The number of people in hospital with Covid-19 in two regions of England has climbed to the highest level for more than a year, in the latest evidence of a resurgence of the virus.
South-east England has now joined the south-west in recording patient levels last seen in February 2021, surpassing the peaks reached in the previous surge of infections at the start of 2022.
A total of 1,956 people with Covid-19 were in hospital in the south-east on March 21, the highest since February 19 last year, new figures from NHS England show.
And in south-west England 1,365 patients were registered on March 21, the highest since February 9, 2021.
In both regions, about half of people in hospital with Covid-19 are being treated primarily for something other than coronavirus.

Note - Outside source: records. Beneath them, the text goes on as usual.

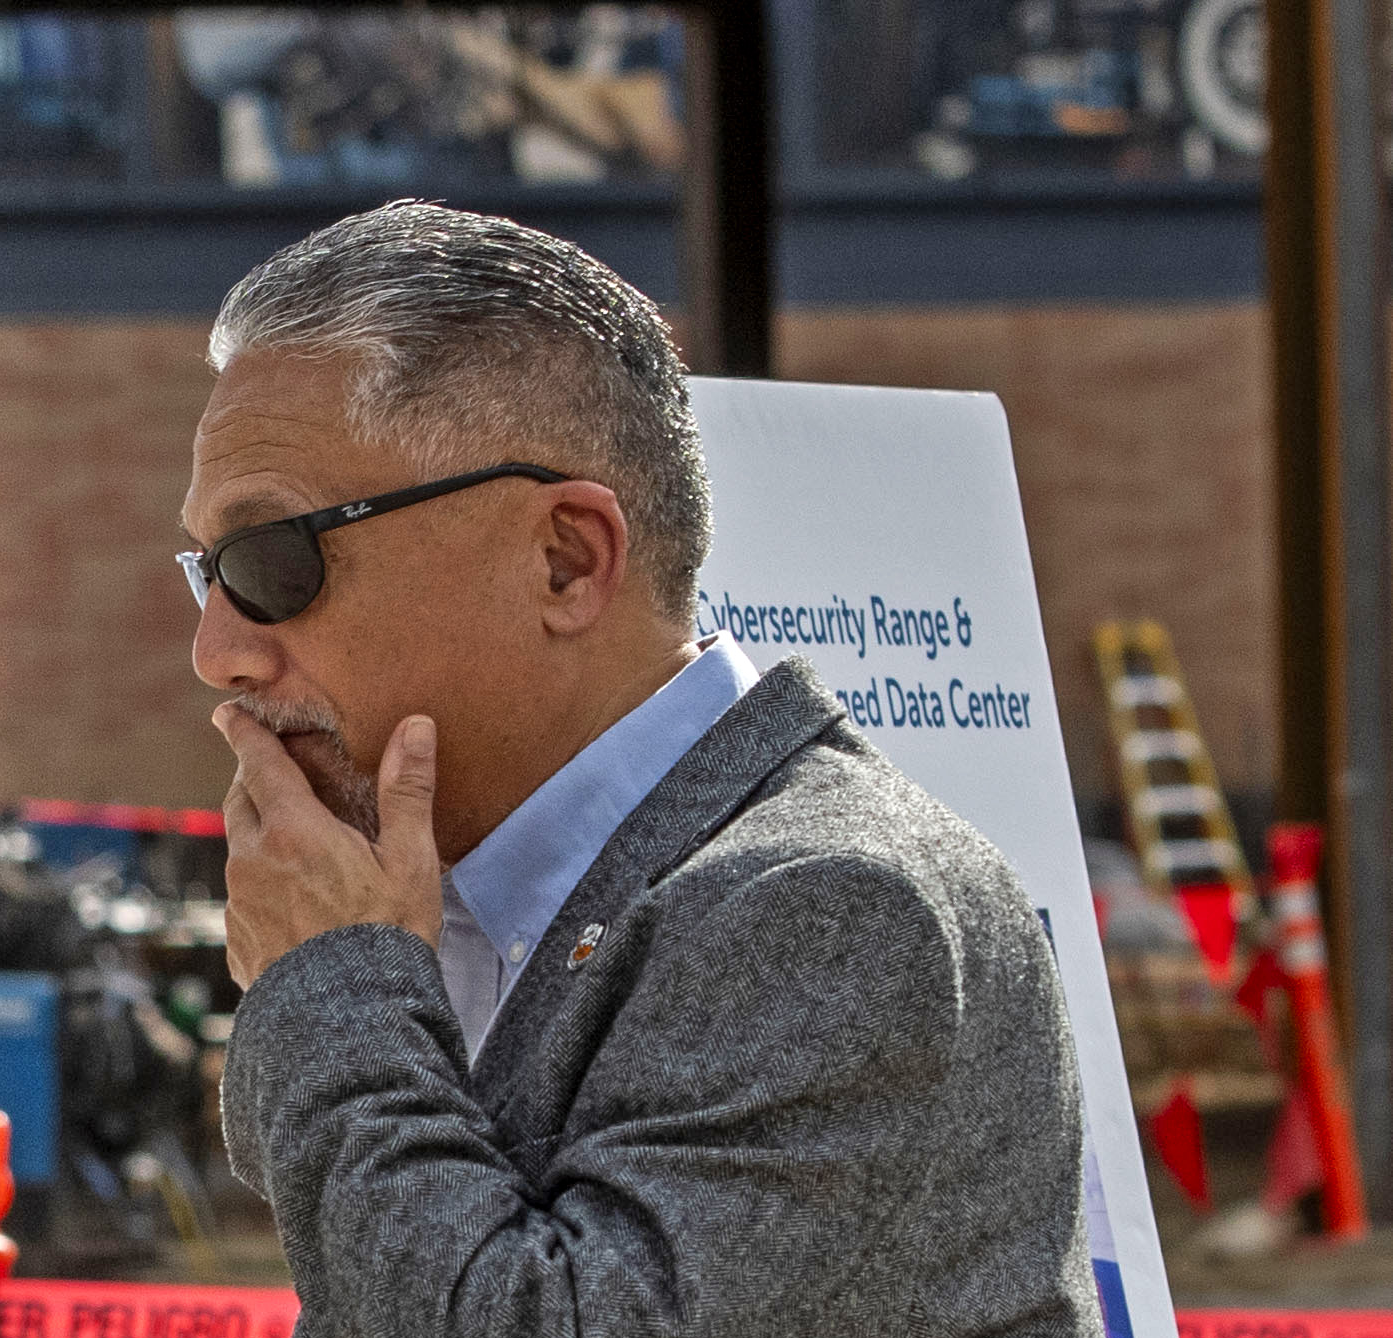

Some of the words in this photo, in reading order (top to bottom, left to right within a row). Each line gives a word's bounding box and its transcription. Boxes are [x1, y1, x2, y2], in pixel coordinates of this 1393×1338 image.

[870, 595, 950, 660] Range
[953, 597, 973, 648] &
[884, 677, 945, 729] Data
[948, 678, 1031, 729] Center
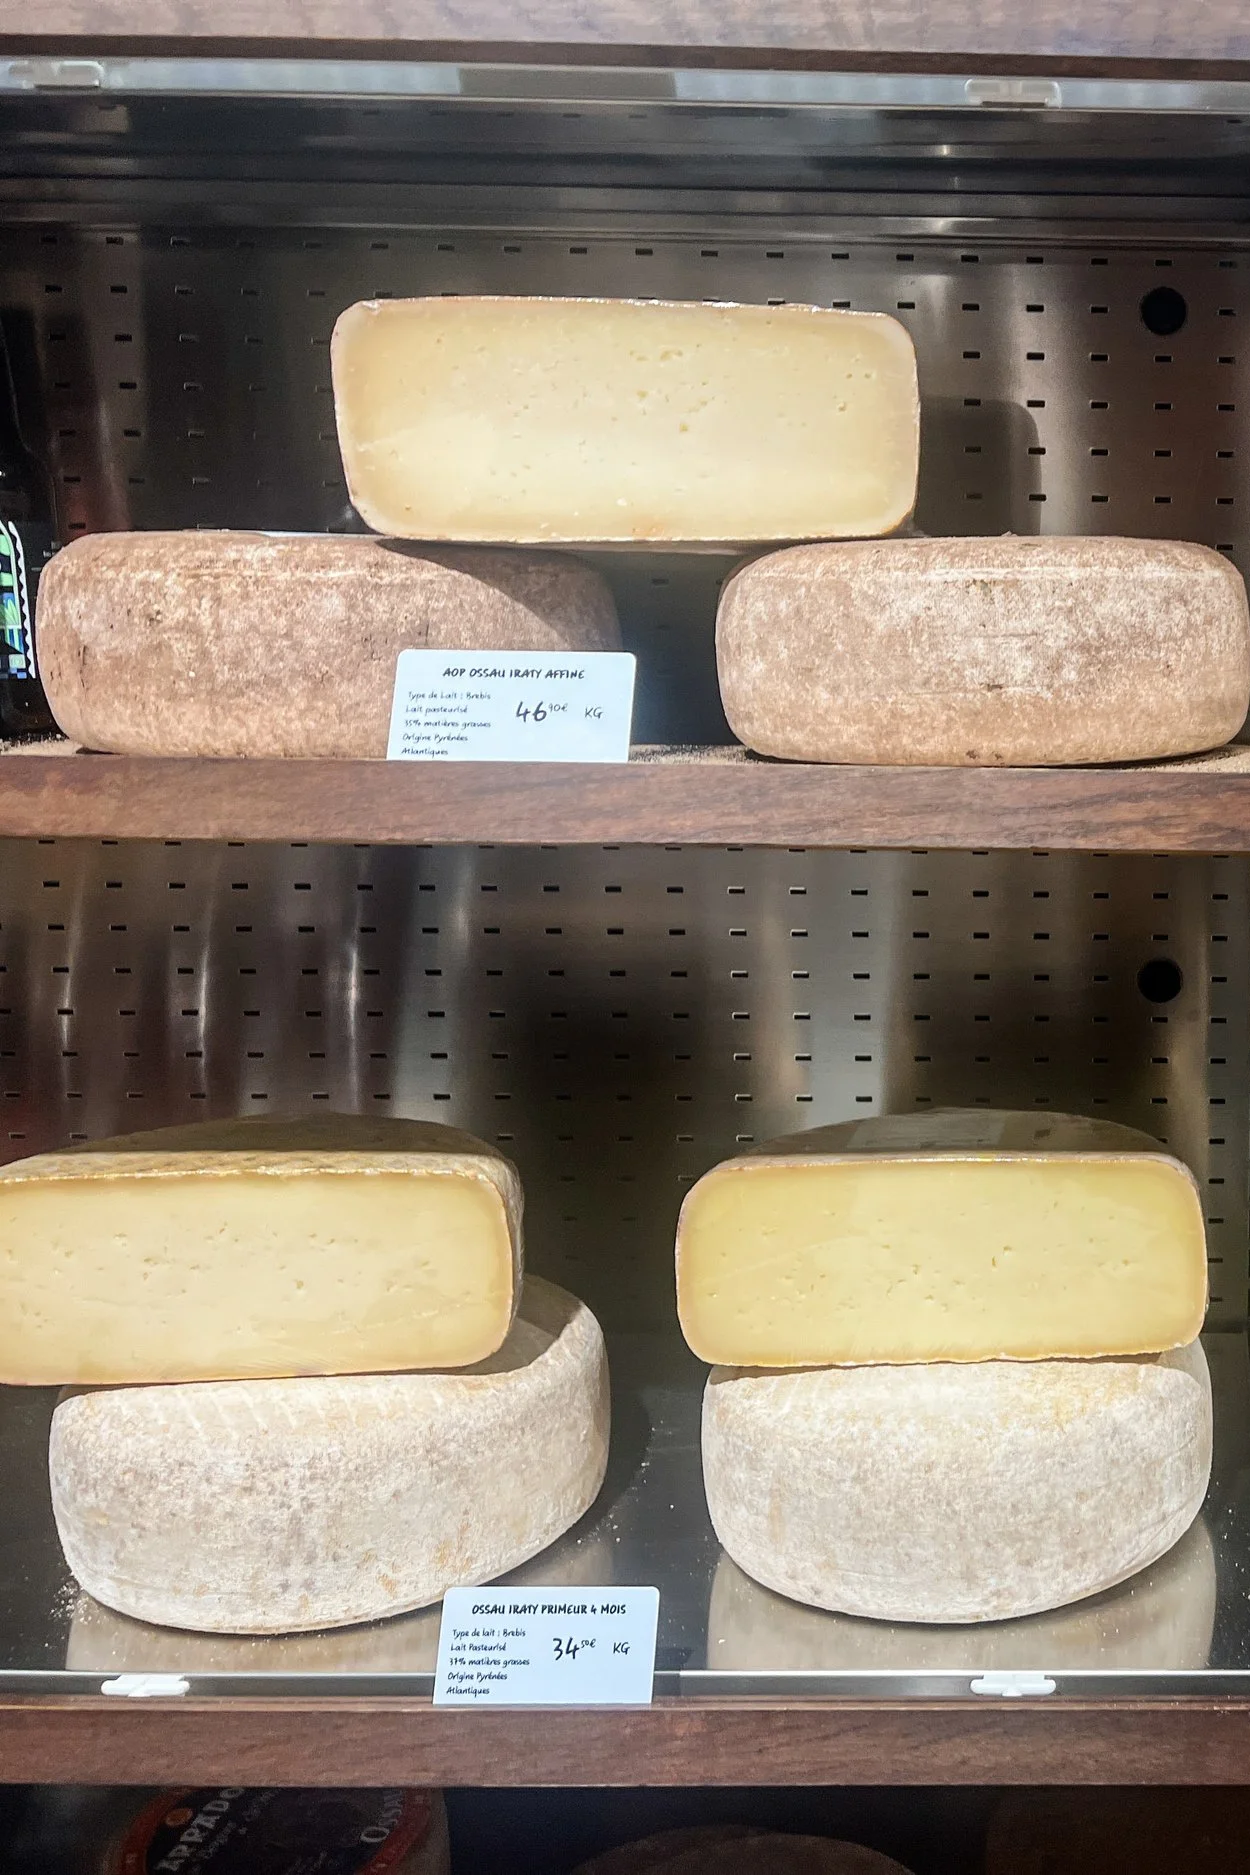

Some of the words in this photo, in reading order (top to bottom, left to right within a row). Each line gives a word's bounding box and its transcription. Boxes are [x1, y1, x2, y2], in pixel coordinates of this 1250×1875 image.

[443, 668, 466, 677] AOP
[469, 669, 505, 677] OSSAU
[510, 669, 542, 678] IRATY
[545, 670, 584, 679] AFFINE
[409, 692, 425, 702] Type
[585, 707, 603, 719] KG
[462, 722, 491, 730] grasses
[403, 733, 431, 743] Origine
[401, 748, 448, 758] Atlantiques
[472, 1604, 505, 1614] OSSAU
[509, 1604, 538, 1614] IRATY
[541, 1604, 587, 1614] PRIMEUR
[591, 1605, 597, 1614] 4
[601, 1604, 626, 1614] MOIS
[453, 1629, 469, 1640] Type
[471, 1628, 480, 1636] de
[482, 1628, 495, 1636] lait
[503, 1628, 525, 1637] Brebis
[613, 1642, 630, 1655] KG
[450, 1657, 466, 1665] 37%
[502, 1659, 530, 1668] grasses
[448, 1672, 474, 1682] Origine
[446, 1686, 489, 1698] Atlantiques

But the rise in patients testing positive for Covid — up 26 per cent week-on-week in the south-west and 20 per cent in the south-east — is another sign of the growing prevalence of the virus across the country.
The total number of people in hospital with Covid-19 in England currently stands at 12,753, up 21 per cent week-on-week and the highest since February 1 this year.

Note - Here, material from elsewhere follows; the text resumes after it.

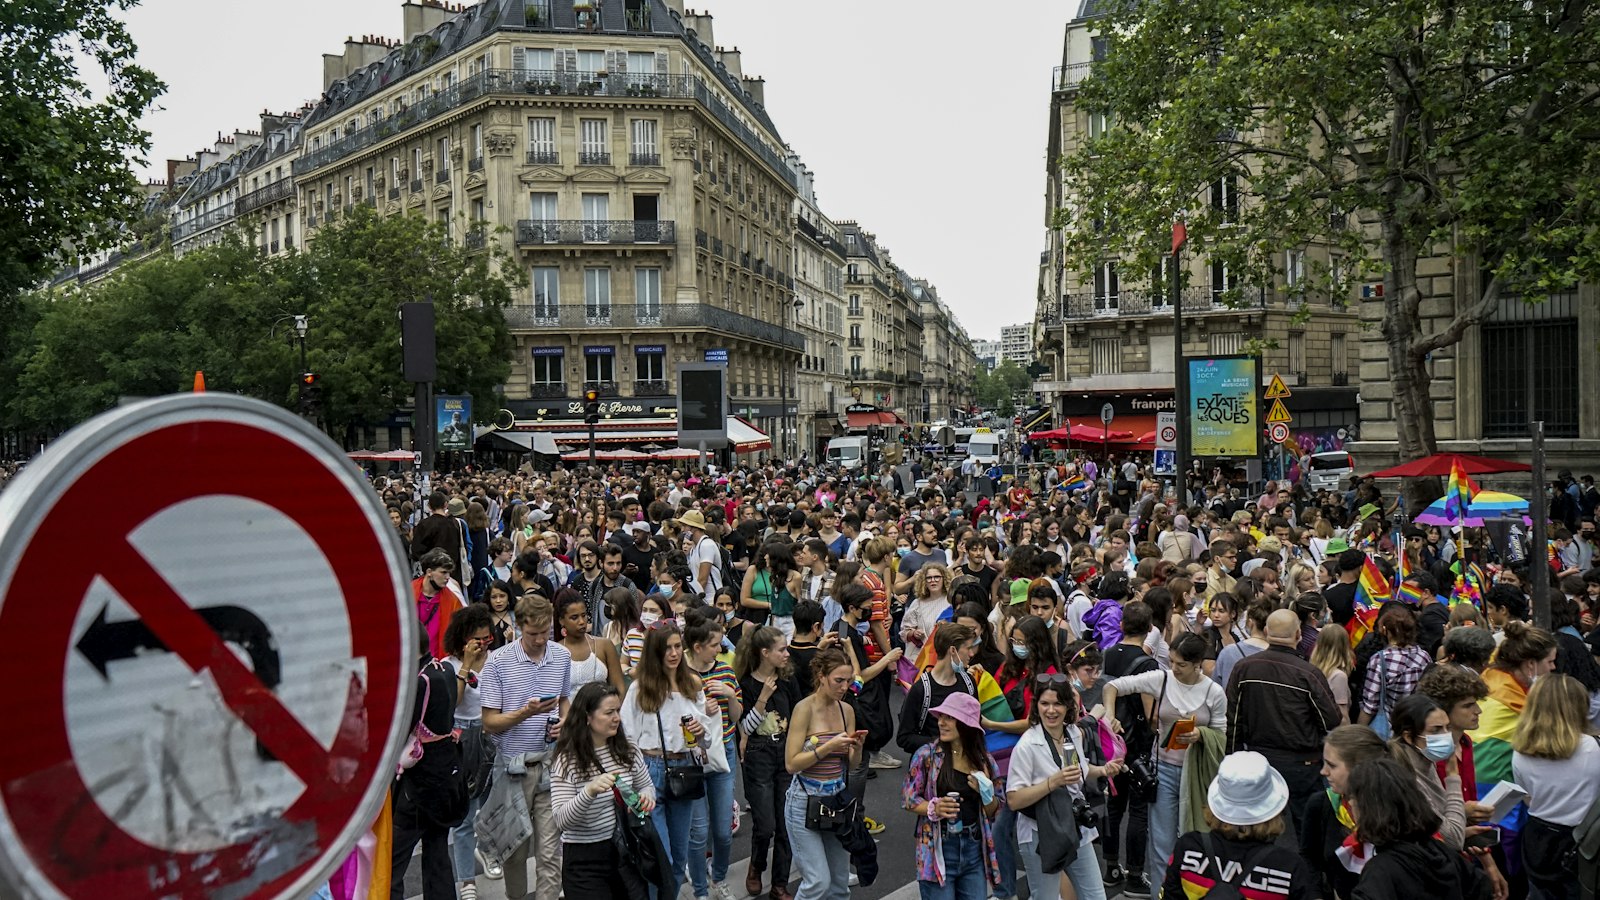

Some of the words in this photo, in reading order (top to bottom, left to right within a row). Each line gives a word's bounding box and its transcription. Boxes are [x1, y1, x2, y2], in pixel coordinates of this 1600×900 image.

[567, 401, 585, 413] Le
[609, 401, 643, 414] Pierre
[1164, 430, 1174, 438] 30

In Scotland, patient levels have hit a record, with 2,128 recorded on Sunday, beating the previous peak of 2,053 in January 2021.
Across the UK as a whole, 14,948 people with Covid were in hospital on March 18, up 22 per cent week-on-week.
This is still below the recent UK peak of 20,047 on January 10.
It is also well below the UK peak of 39,255, which was reached during the second wave of the virus on January 18, 2021.
Eastern England is likely to be the next region to pass its January 2022 peak, with 1,484 Covid patients on March 21 — slightly below the 1,497 reached on January 10 this year.
Health Secretary Sajid Javid said on Monday that despite the jump in infections and patients in hospital, there was “no particular cause for concern”.
Mr Javid told BBC Breakfast that numbers were “still way below their peak”, with the latest rise “primarily due to the increased social mixing we’re seeing after the country’s opened up, but also the BA. 2 sub-variant of Omicron — which we know is on the one hand more infectious but, on the other hand, we know that our vaccines work just as well against this sub-variant".
“Taking all that into account, of course we keep the data under review, but there’s no particular cause for concern at this point,” he said.
Figures published on Friday by the Office for National Statistics showed that infection levels are continuing to rise across most of the UK, with 3.3 million people estimated to have had coronavirus in the week to March 12, up from 2.6 million the previous week.
At the start of the year, the figure stood at a record 4.3 million.
About 376,300 people in Scotland, or about one in 14, were estimated to have Covid-19 in the week to March 12 — a record. These figures are up from the 299,900 people, or one in 18, recorded the previous week.